In RI cancer bioassays, the number of animals is often > 50 animals per sex per dose group, the number typically used by the U.S. EPA and the NTP. Concurrent RI studies have at times shared controls (Belpoggi et al. 1995; Cruzan 2009), with RI publications indicating that such shared controls have been concurrent with, housed in the same facility as, and age-, strain- and colony-matched to treatment groups (Maltoni et al. 1986, 1999; Soffritti et al. 2002c, 2006a). U.S. EPA testing guidelines require (U.S. EPA 1998), and NTP studies generally use (Melnick et al. 2008), concurrent, matched controls. The lack of matched controls would not necessarily preclude a study from contributing to a chemical’s cancer weight-of-evidence determination, particularly if relevant (e.g., for the same strain and/or from the same colony) and proximate (e.g., within 3 years of the study in question) historical control data exist (U.S. EPA 2005a).
The potential confounding of treatment-related effects in RI studies by litter (i.e., genetic effects) has been raised, because the RI does not always randomize the assignment of animals to treatment groups but often “assigns litters to the same dose group and uses all animals, while keeping track of litter identification information” (Bucher 2002). However, according to Kathryn Knowles, Executive Secretary of the Collegium Ramazzini, “the assignment of test animals to dose groups will vary in RI studies according to the experimental protocol and aims of the research” and “in the case of experiments in which exposure begins at 6–8 weeks of age (e.g., BT960, methanol), randomization is performed so as to have no more than one female and one male from each litter in each experimental group” (Knowles K, personal communication). For prenatal exposure experiments, “randomization is performed on the breeders, ” but the offspring are not randomized across dose groups in order to “simulate as much as possible the human situation in which all descendents are part of a population” (Knowles K, personal communication). For this nonrandomized study design, it may be advisable to treat the breeders as the affected entities or, preferably, to evaluate the dose–response data using nested models that account for intralitter correlations, or the tendency of littermates to respond similarly to one another relative to the other litters in a dose group (U.S. EPA 2012a).

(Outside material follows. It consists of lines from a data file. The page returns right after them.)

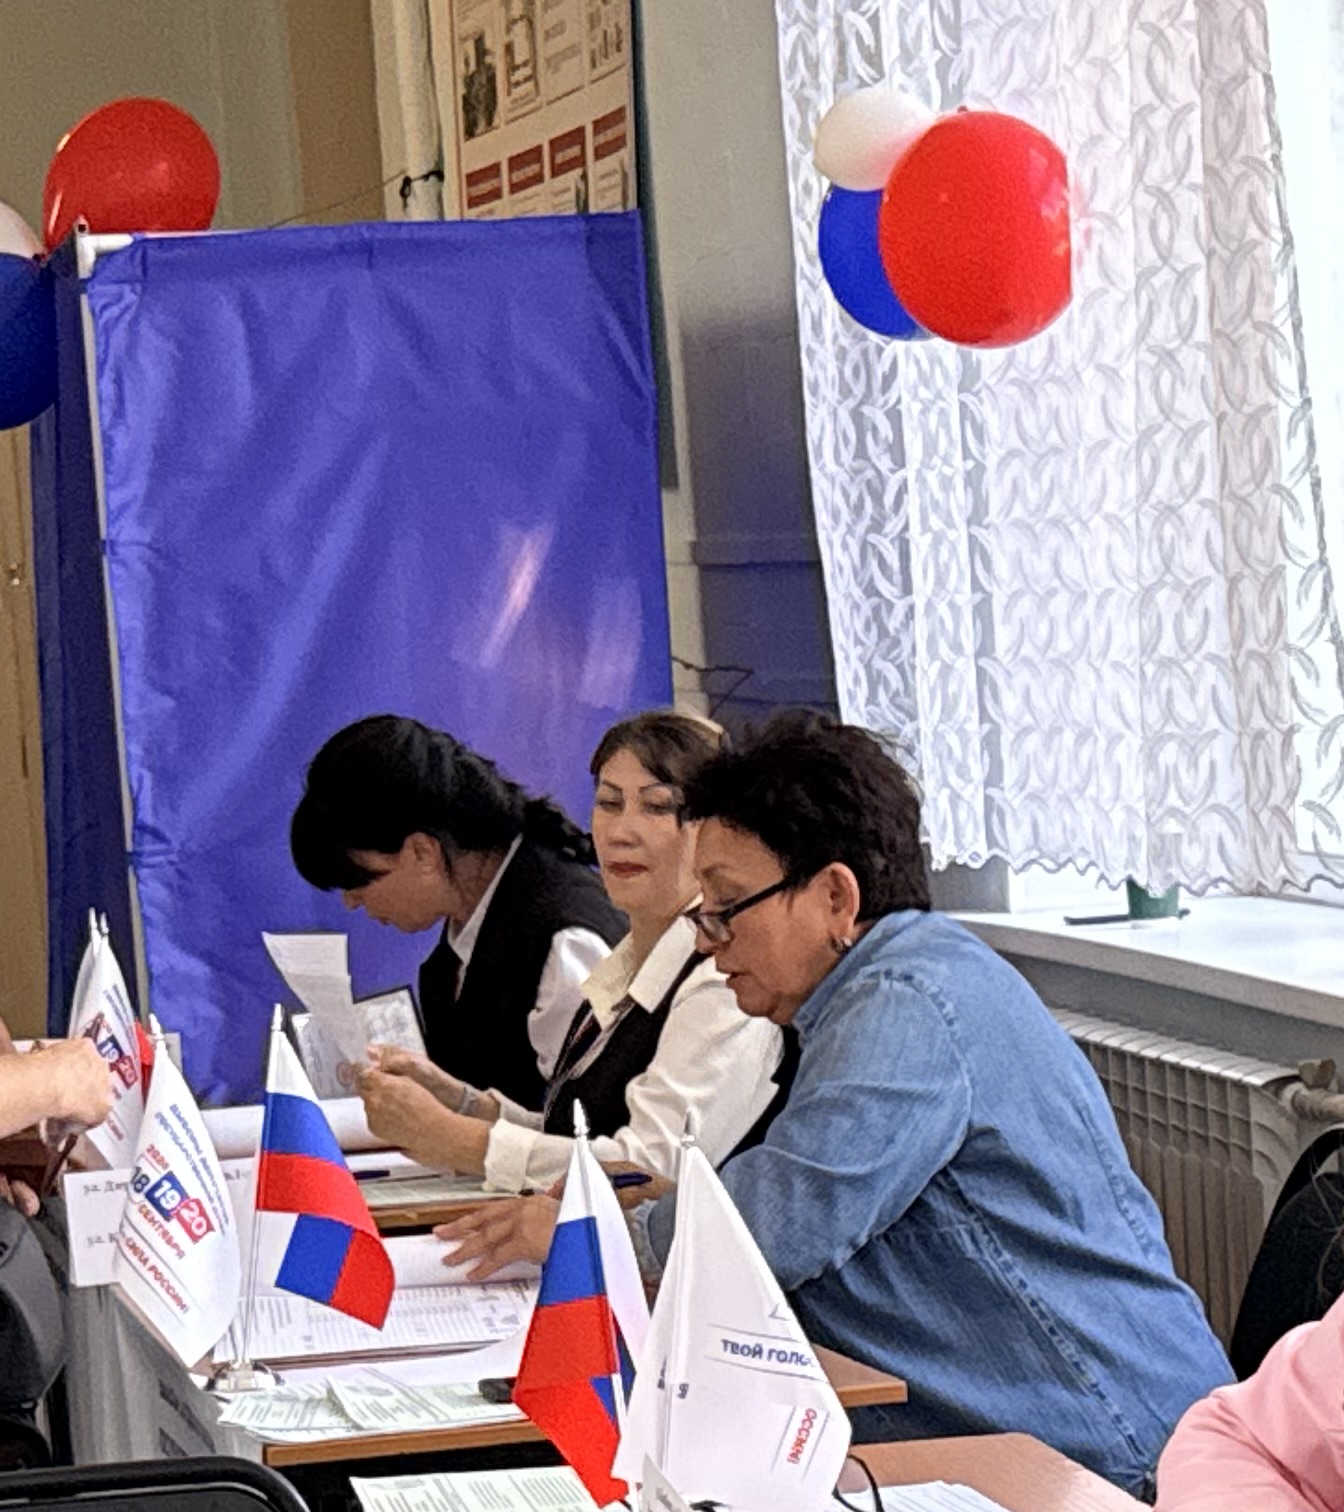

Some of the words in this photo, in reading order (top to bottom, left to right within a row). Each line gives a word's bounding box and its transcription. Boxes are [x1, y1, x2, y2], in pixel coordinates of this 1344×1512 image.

[130, 1166, 151, 1193] 18
[154, 1179, 181, 1210] 19
[137, 1204, 187, 1260] СЕНТЯБРЯ
[179, 1201, 208, 1237] 20
[124, 1236, 150, 1267] СИЛА
[721, 1338, 764, 1361] ТВОЙ
[786, 1408, 819, 1466] ОССИИ!

Multiple dose groups for characterization of dose–response relationships. Estimation of the dose–response relationship is a primary aim of carcinogen risk assessment. In general, confidence in dose–response analyses is increased for studies with additional dose groups, particularly when at least two dose levels have response rates above background (U.S. EPA 2012a). U.S. EPA testing guidelines (U.S. EPA 1998) recommend, and NTP cancer bioassays generally employ, four dose groups (control, low, middle, and high). RI cancer bioassays often use four dose groups as well (Soffritti et al. 2002c), but have employed as many as seven for larger bioassays such as the one performed for aspartame (Soffritti et al. 2005, 2006b).

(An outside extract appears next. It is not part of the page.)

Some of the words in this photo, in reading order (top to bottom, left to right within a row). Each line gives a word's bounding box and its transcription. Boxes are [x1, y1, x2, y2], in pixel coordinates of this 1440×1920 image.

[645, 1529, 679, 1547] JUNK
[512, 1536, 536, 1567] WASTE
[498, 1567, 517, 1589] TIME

Complete and peer-reviewed histopathological evaluations. Organ system evaluations have been well described for U.S. EPA and FDA testing requirements (FDA 2000; U.S. EPA 1998) and for NTP (NTP 2011a) and RI (Soffritti et al. 2002c) cancer bioassays. Although diagnostic criteria have been established for most observable lesions, it is not unusual for pathologists to disagree, especially for lesions that are part of a continuum of progressive change (Melnick et al. 2008). As illustrated by the recent PWG of RI studies, a QA pathologist and PWG panel are often used to resolve diagnostic differences between the study and peer-review pathologists (Ward et al. 1995). The Society of Toxicologic Pathologists (1997) recommended this type of process “to ensure that treatment-related findings are properly identified and consistently diagnosed.”

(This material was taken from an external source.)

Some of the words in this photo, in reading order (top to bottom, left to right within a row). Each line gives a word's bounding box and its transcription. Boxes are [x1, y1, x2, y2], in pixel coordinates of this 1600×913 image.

The recent PWG review of RI studies (NTP 2011b) represents the most in-depth independent review of RI pathological findings; other, more limited independent reviews of RI histopathological determinations have been performed within the past 10 years (Cesta 2008; Hailey 2004; Malarkey et al. 2010). However, not all toxicology laboratories have implemented such a system of review. For instance, the recent Hamner Institute drinking water study of MTBE did not have a PWG review (Bermudez et al. 2012). Although reevaluation of pathological diagnoses is not a U.S. EPA requirement, the U.S. EPA Office of Pesticide Programs requires the use of a process similar to the NTP PWG when a reevaluation is conducted (U.S. EPA 1994).
For any peer review of histopathological diagnoses, tissue preservation and condition can be a limiting factor. Studies conducted by or for the NTP involve removal of moribund animals to avoid autolytic tissue destruction and to prevent tissue loss through cannibalism (NTP 2011a). Although recent RI studies have involved the sacrifice of moribund animals (Soffritti et al. 2010), the RI has historically performed pathological examinations on tissues collected solely after natural death, increasing the potential for autolysis and diagnostic difficulties (Hailey 2004; Malarkey et al. 2010). Although the RI’s use of ethanol—rather than the more commonly used formalin—for tissue fixation has been questioned (Cesta 2008), ethanol fixation has been used in RI studies for > 40 years and continues to be used. Cesta (2008) reported that the RI uses ethanol for tissue fixation to avoid the toxic effects of formalin; maintain consistency with biopsies taken from human subjects, which also typically use 70% ethanol fixation; and increase comparability of historical controls. Ethanol fixation is also advantageous for molecular profiling (Ahram et al. 2003; Chaurand et al. 2008; Gillespie et al. 2002; Kähler et al. 2010; Knowles K, personal communicaton; O’Leary et al. 2009). As discussed below under “Future Considerations, ” ethanol fixation also has advantages for microdissection and clonality assays. As discussed above, the 2011 PWG review of RI studies found that the histological quality of RI specimens was good and did not affect their review.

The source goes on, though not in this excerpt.